HPC Benchmarking Results

JADE2 (NVIDIA Tesla V100) Benchmarks

ARCHER2 (EPYC 7742) Benchmarks
Single node
Multiple nodes
OpenMP and MPI

Comparison across HPC systems
ARCHER2 and JADE2
JADE2 and GH200 testbed
Comparison of MD software across different HPC systems

Memory usage

Multi-instance GPU (MIG)

Benchmark methodology

The benchmark input files taken from the HECBioSim benchmark suite. Benchmarks are run and plots are created using the hpcbench utility. The hpcbench repository also contains the SLURM input scripts used to run each simulation. Benchmarks were conducted using the version of each MD program available on each HPC system, so benchmarks running on different systems are not always running the same software version. More details on the method and more results can be found in the report 'Engineering Supercomputing Platforms for Biomolecular Applications'. Raw benchmark data can be found in the HECBioSim benchmark data repository (note: this data requires HPCbench to parse).
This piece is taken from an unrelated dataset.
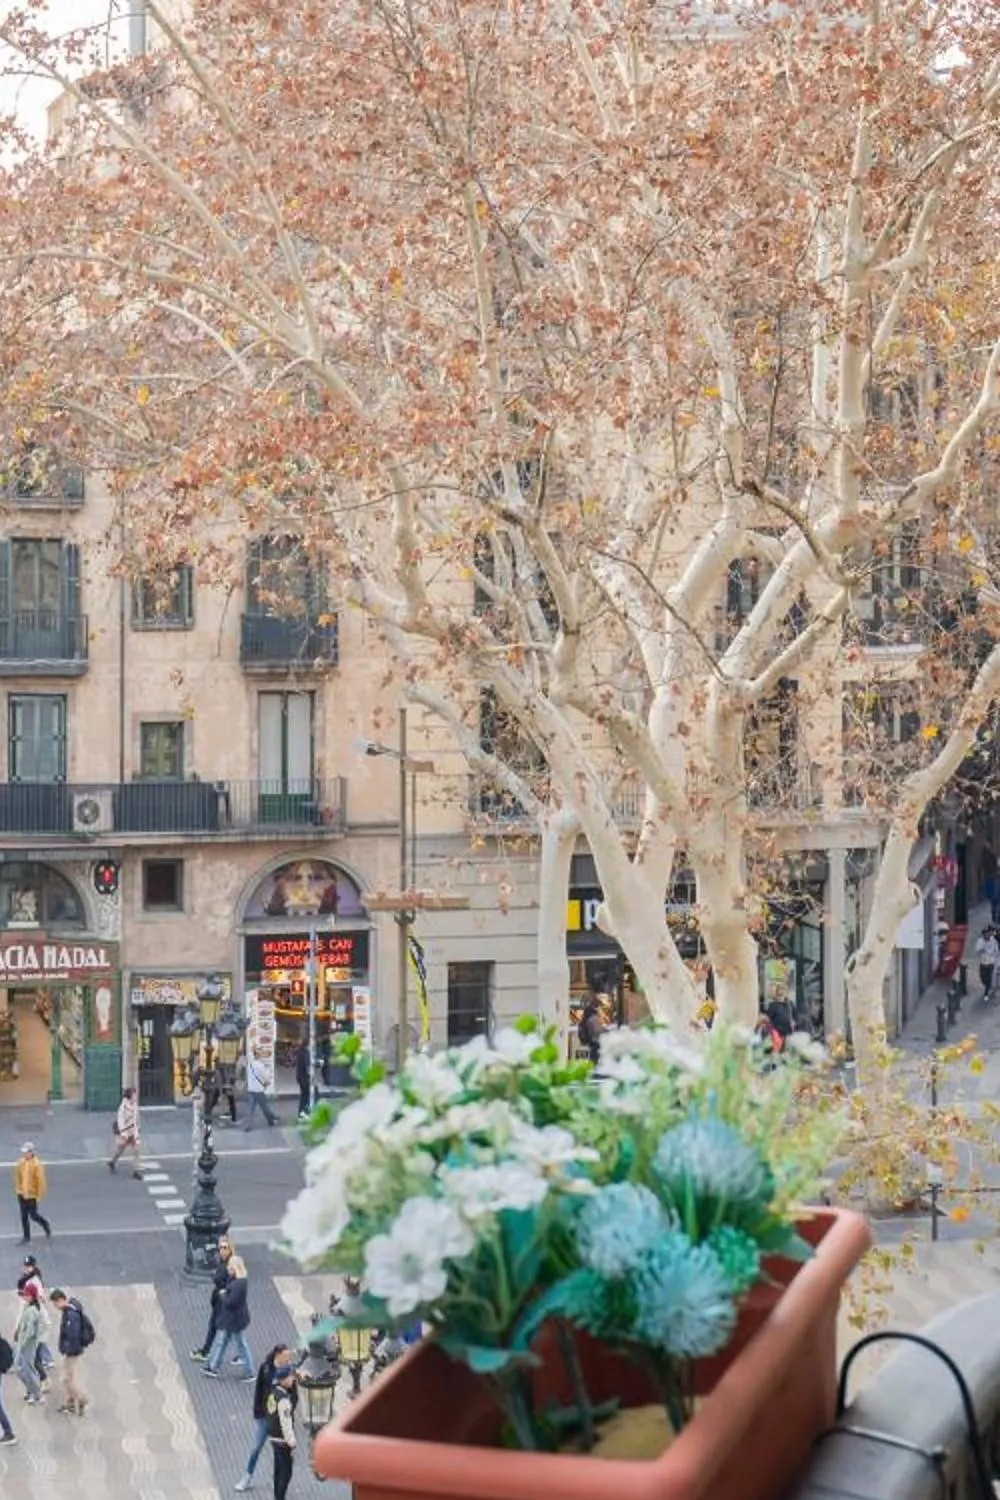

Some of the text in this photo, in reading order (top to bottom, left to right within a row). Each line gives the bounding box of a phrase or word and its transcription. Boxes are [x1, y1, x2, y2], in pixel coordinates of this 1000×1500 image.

[329, 938, 353, 950] CAN
[43, 945, 111, 969] NADAL
[264, 953, 350, 968] GEMÜS EBAB
The plots in this section are given in terms of performance (ns/day) and energy usage (kWh/ns). The energy usage is calculated using the energy consumption data reported by SLURM.

Systems tested

System (PDB codes)	No. of atoms	Protein atoms	Lipid atoms	Water atoms
3NIR Crambin	21k	642	0	19k
1WDN Glutamine-Binding Protein	61k	3.5k	0	58k
hEGFR Dimer of 1IVO and 1NQL	465k	22k	134k	309k
Two hEGFR Dimers of 1IVO and 1NQL	1.4M	43k	235k	1.1M
Two hEGFR tetramers of 1IVO and 1NQL	3M	87k	868k	2M

JADE2 (NVIDIA Tesla V100) Benchmarks

On JADE2, benchmarks were run on a single GPU. Though each JADE2 node contains eight NVIDIA Tesla V100 GPUs, the multi-GPU performance was poor. Benchmarks were run with a corresponding one-eigth of the node's available CPUs (dual Xeon e5-2698s). Performance of CPU-bound software (e.g. LAMMPS) suffers the most.

JADE2 molecular dynamics performance compared for five different molecular dynamics programs.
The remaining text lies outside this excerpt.